Con el riesgo viene la recompensa. En la vida, es muy difícil de conseguir grandes premios sin correr riesgos. Lo vemos en los negocios, en los deportes, en las relaciones y en la guerra. Y eso es sólo por mencionar unas pocas áreas donde la relación entre el riesgo y la recompensa se ha demostrado en repetidas ocasiones a sí mismo como verdadera y válida.
Es como dice el refrán “Quien nada arriesga, nada gana”. El tener una completa aversión al riesgo es no haber vivido gran parte de lo que la vida tiene para ofrecer. Los seres humanos han aprendido en repetidas ocasiones que salimos de la vida más o menos con lo que estamos dispuestos a poner en ella.
Reconociendo esta realidad no quiere decir que la vida debe ser una vida digna para tomar todos los riesgos salvaje y alocadamente. No, en absoluto. De hecho, es muy probable que cuando juega en repetidas ocasiones frente a la abrumadora oposición de las probabilidades, un tomador de riesgos perderá, y a menudo, la pérdida es grande en esas condiciones.
De hecho, cuando la sabiduría se aplica a esta ecuación, lo que finalmente tenemos es el concepto de tomar los riesgos calculados. Ese sería el riesgo en que nuestras posibilidades de éxito son mejores que nuestras posibilidades de fracaso.
Así, las posibilidades estarían a nuestro favor. Aunque aún es el riesgo, no obstante, que es el riesgo razonable que conlleva una buena oportunidad para que la recompensa sea significativa.
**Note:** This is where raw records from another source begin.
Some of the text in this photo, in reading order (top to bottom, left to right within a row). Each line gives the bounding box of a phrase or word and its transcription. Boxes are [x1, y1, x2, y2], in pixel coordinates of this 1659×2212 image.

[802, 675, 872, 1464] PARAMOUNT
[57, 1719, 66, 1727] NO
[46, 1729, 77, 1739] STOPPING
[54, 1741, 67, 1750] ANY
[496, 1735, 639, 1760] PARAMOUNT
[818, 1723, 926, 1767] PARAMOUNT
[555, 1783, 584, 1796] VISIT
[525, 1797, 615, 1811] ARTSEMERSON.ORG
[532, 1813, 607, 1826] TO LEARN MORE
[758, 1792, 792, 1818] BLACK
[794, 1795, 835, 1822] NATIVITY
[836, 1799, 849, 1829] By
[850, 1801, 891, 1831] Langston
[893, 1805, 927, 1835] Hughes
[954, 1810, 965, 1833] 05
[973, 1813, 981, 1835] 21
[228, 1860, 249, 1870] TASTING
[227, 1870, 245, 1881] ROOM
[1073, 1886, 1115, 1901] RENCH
Lo mismo ocurre con los juegos de azar. Hay algunos juegos de azar que en realidad no son más que un riesgo muy alto para el jugador. Las probabilidades siempre están muy a favor de la casa y, aunque ese riesgo lleva a la perspectiva de beneficios elevados, la casa es siempre el ganador a largo plazo.

Hay muchos otros juegos de azar para jugar que usted puede aprender para cuando vaya a un casino, como por ejemplo Pai Gow Póker, Sic Bo, Baccarat y Red Dog, solo por nombrar unos pocos. De cualquier forma usted debe estar informado acerca de la normativa del casino y de las reglas y probabilidades que ofrecen estos juegos para realizar sus apuestas.
Conclusión
Hay una gran cantidad de estudiantes que hacen excursiones a los diferentes casinos del mundo, algunos de ellos van casi todos los días y conocen todos los pormenores rentables que ofrecen los juegos de azar.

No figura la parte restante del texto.